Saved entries
++++++++
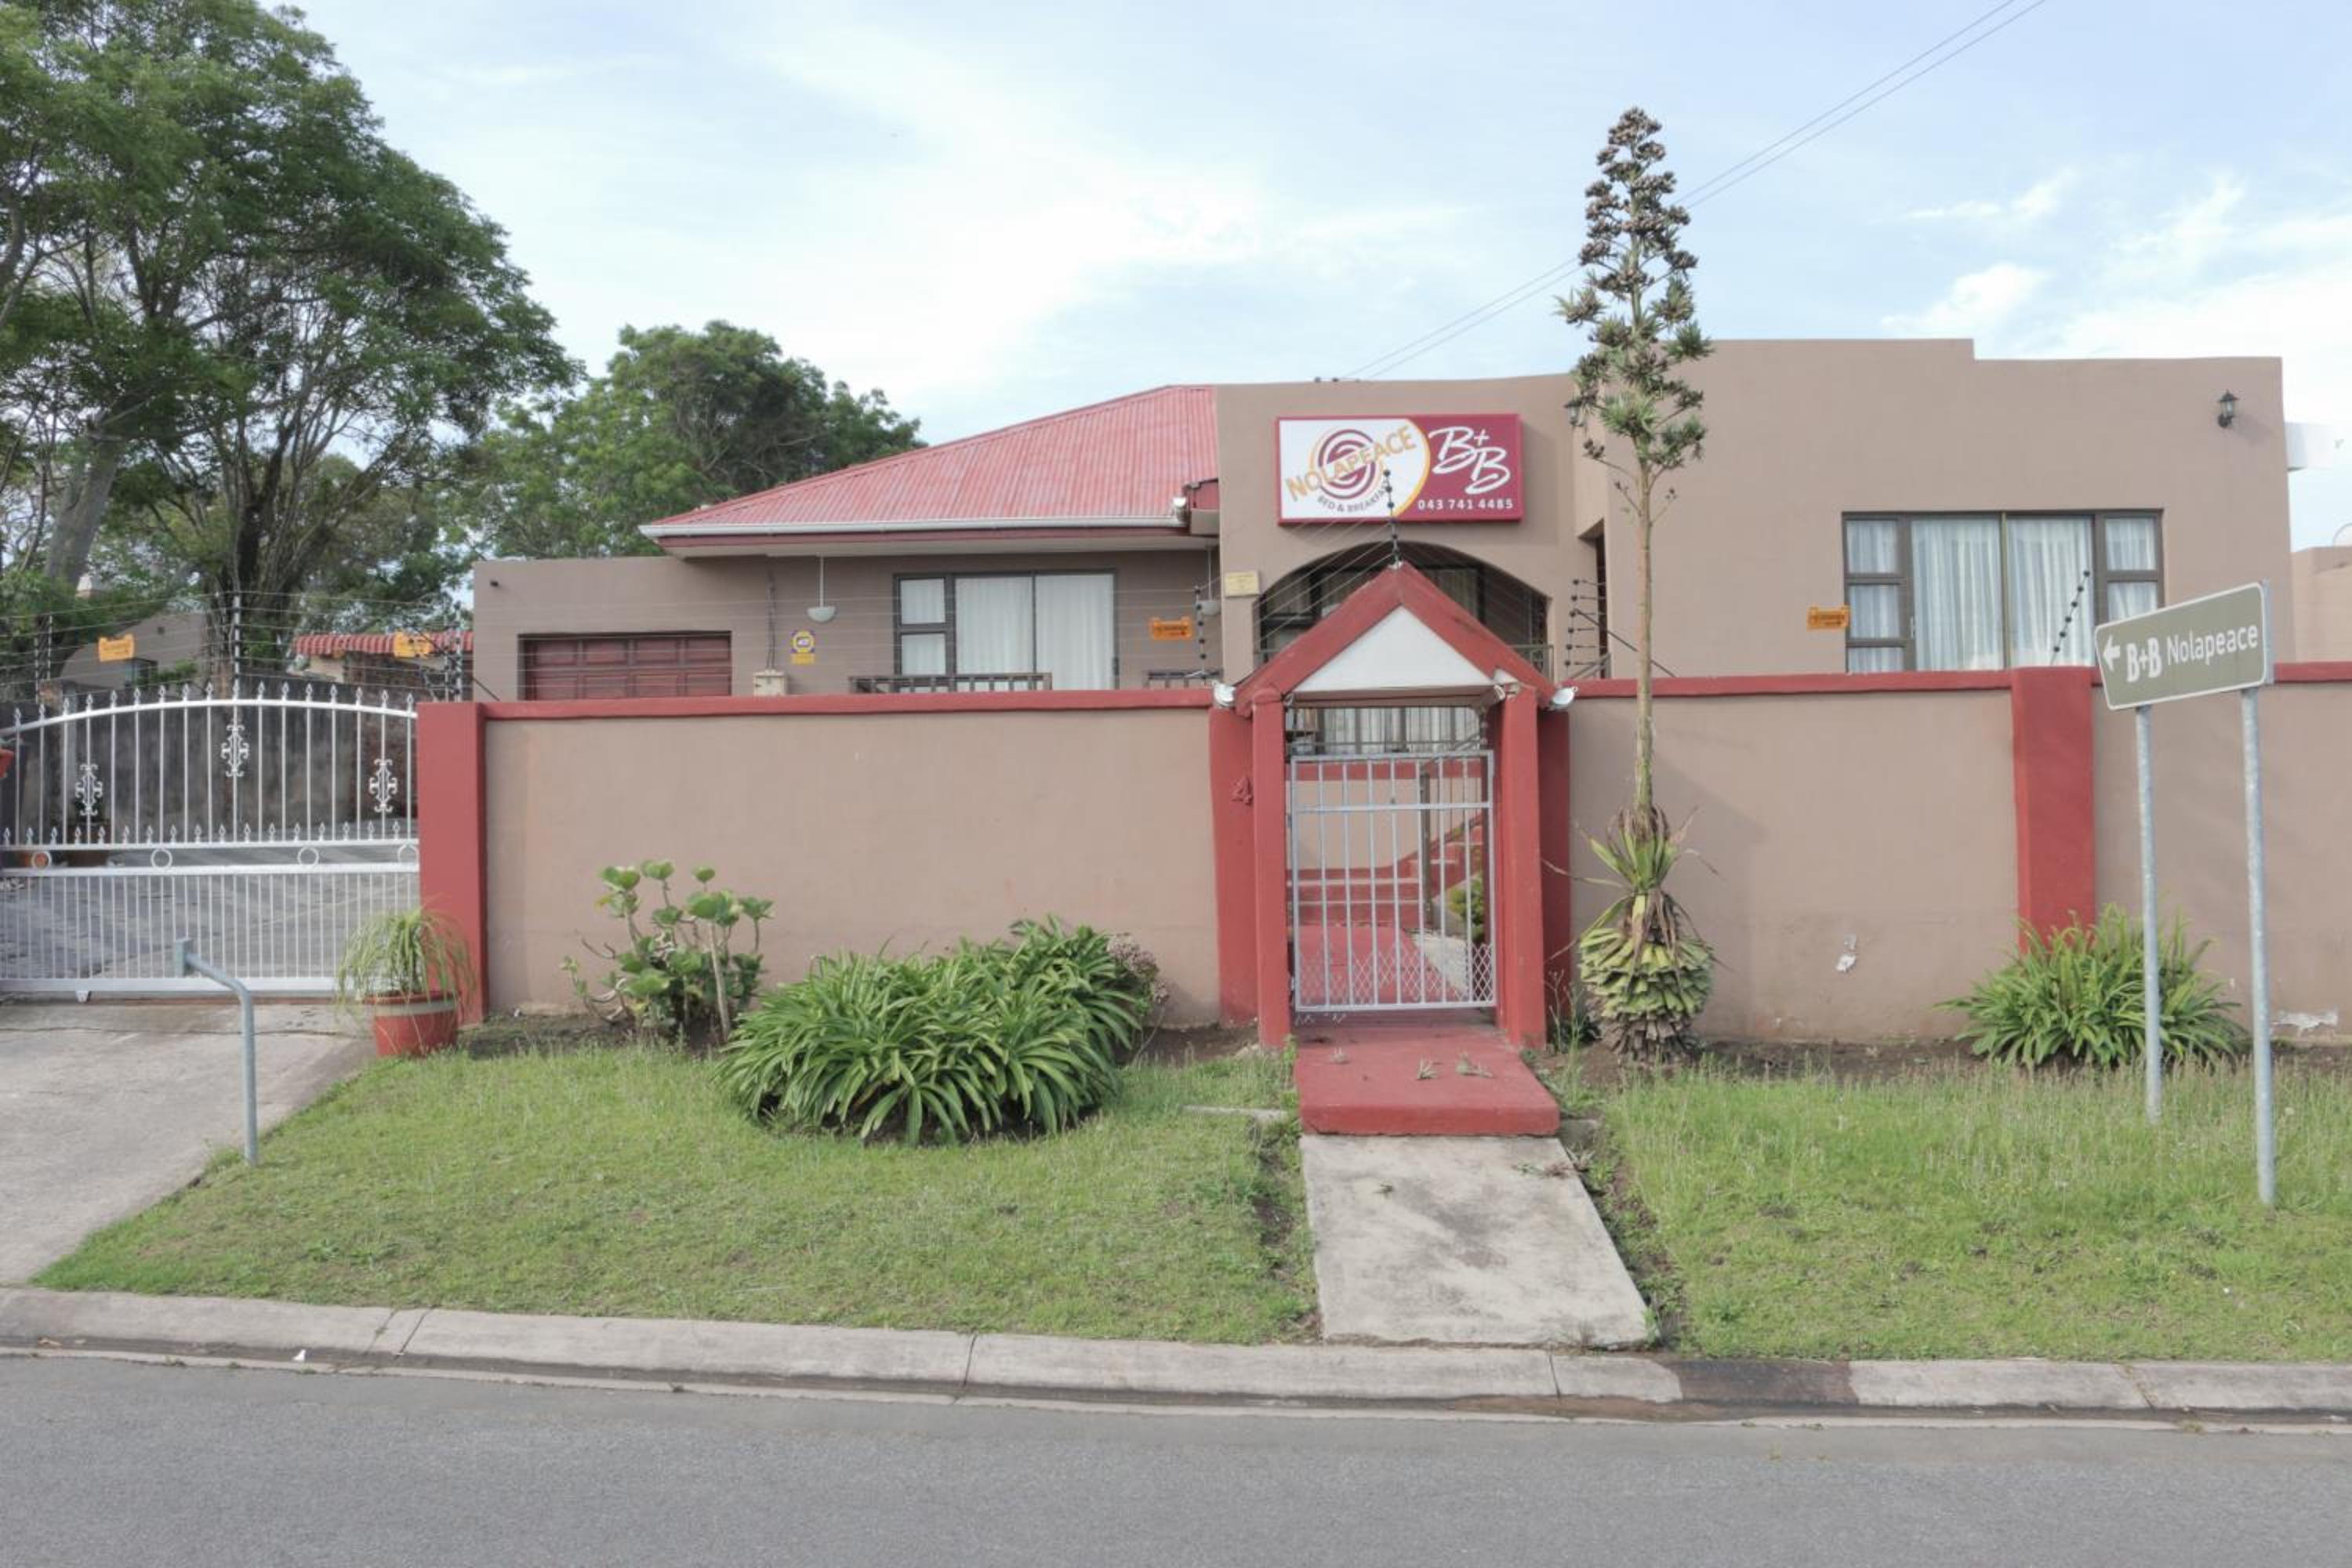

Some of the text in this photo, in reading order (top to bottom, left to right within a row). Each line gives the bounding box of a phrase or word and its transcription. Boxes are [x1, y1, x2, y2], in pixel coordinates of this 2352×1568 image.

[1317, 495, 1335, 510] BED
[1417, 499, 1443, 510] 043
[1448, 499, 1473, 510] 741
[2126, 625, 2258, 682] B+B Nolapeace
++++++++
### TASK INSTRUCTIONS
Restate each entry word for word; pictures stay out of the copy.

### THE COMPLETED TASK
Some of the text in this photo, in reading order (top to bottom, left to right within a row). Each line gives the bounding box of a phrase or word and its transcription. Boxes are [x1, y1, x2, y2], in pixel coordinates of this 2352×1568 image.

[1317, 495, 1335, 510] BED
[1417, 499, 1443, 510] 043
[1448, 499, 1473, 510] 741
[2126, 625, 2258, 682] B+B Nolapeace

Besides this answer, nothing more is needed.